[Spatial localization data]
= Beginning of Section =

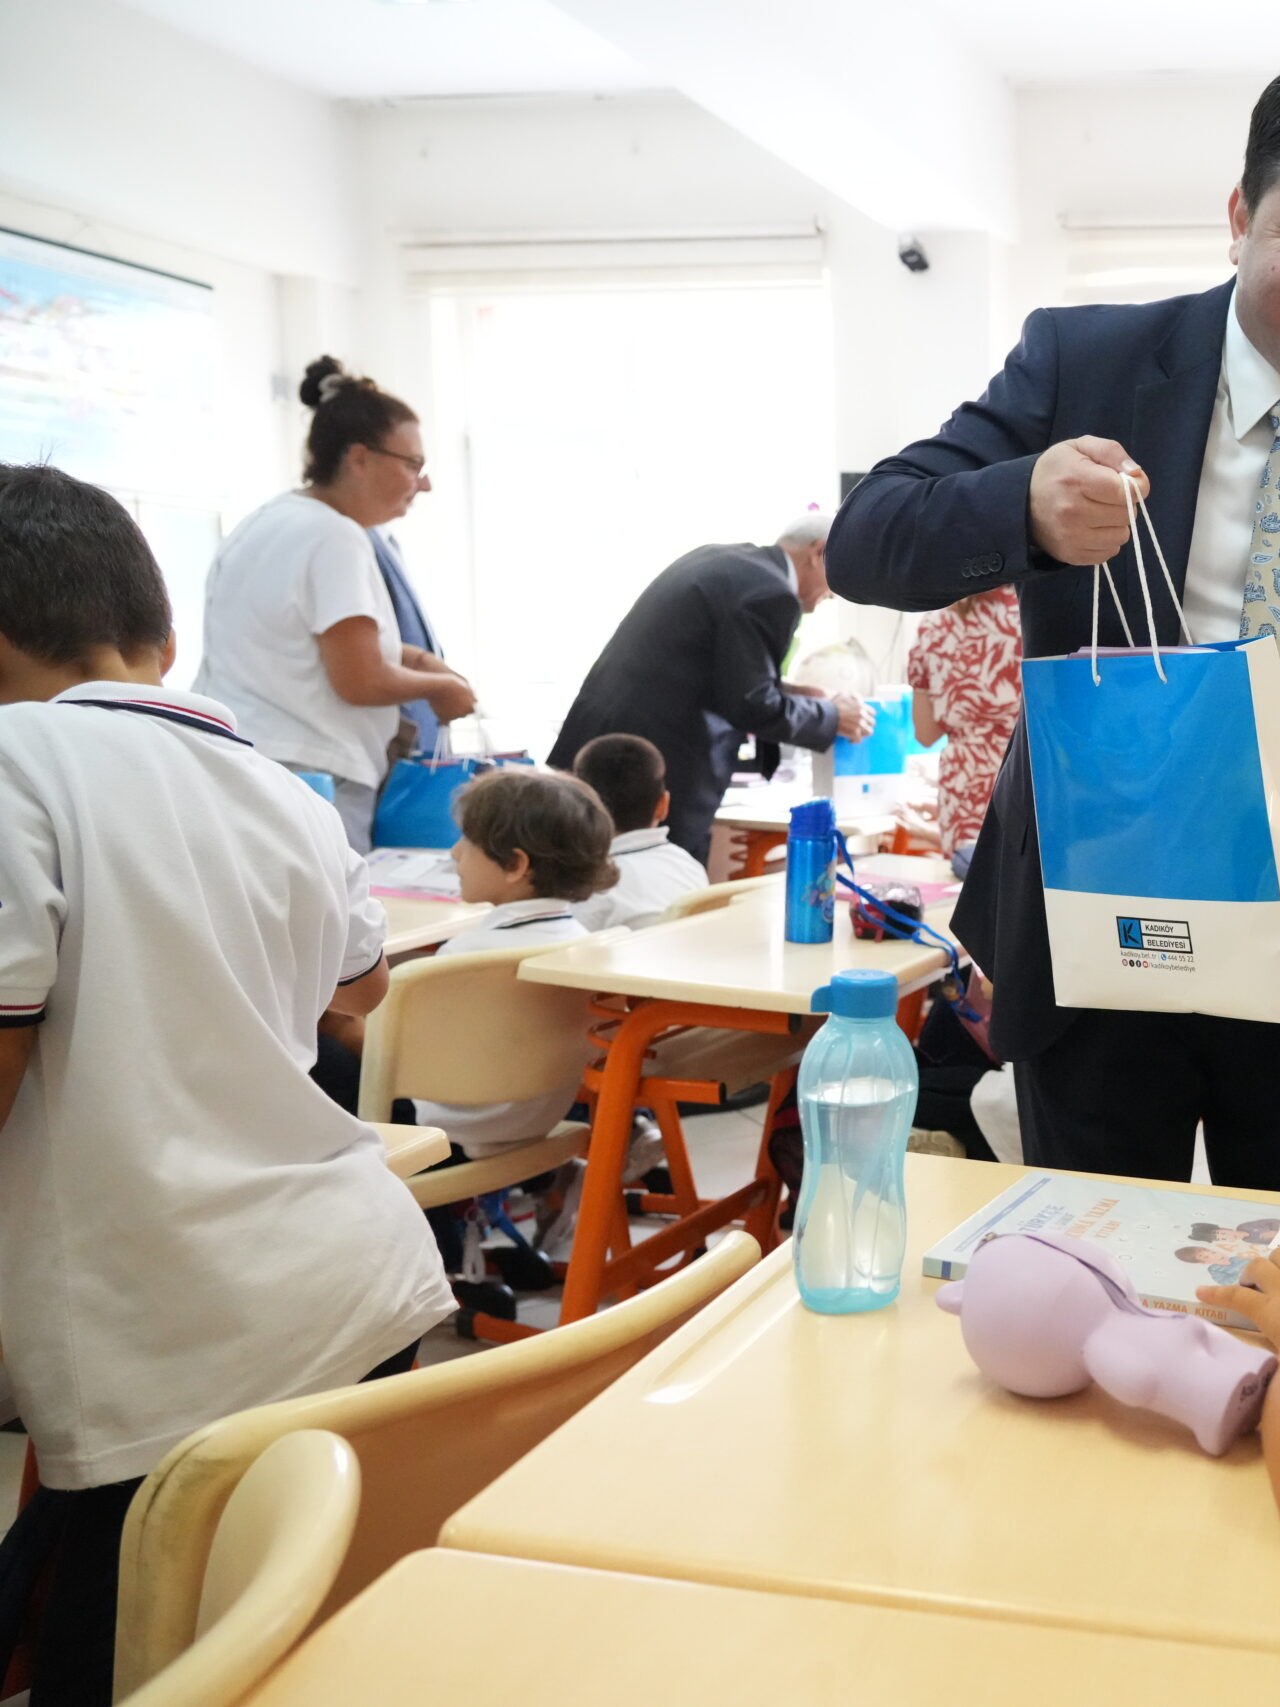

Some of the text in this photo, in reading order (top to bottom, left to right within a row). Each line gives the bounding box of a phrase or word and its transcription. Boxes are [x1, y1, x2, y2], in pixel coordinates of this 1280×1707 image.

[1122, 922, 1139, 944] K
[1145, 924, 1174, 934] KADIKÖY
[1147, 939, 1186, 949] BELEDİYESİ
[1153, 1301, 1188, 1314] YAZMA

= End of Section =

Give the data again exactly. Keep the images out.

• _Answer below_
Some of the text in this photo, in reading order (top to bottom, left to right within a row). Each line gives the bounding box of a phrase or word and its transcription. Boxes are [x1, y1, x2, y2], in pixel coordinates of this 1280×1707 image.

[1122, 922, 1139, 944] K
[1145, 924, 1174, 934] KADIKÖY
[1147, 939, 1186, 949] BELEDİYESİ
[1153, 1301, 1188, 1314] YAZMA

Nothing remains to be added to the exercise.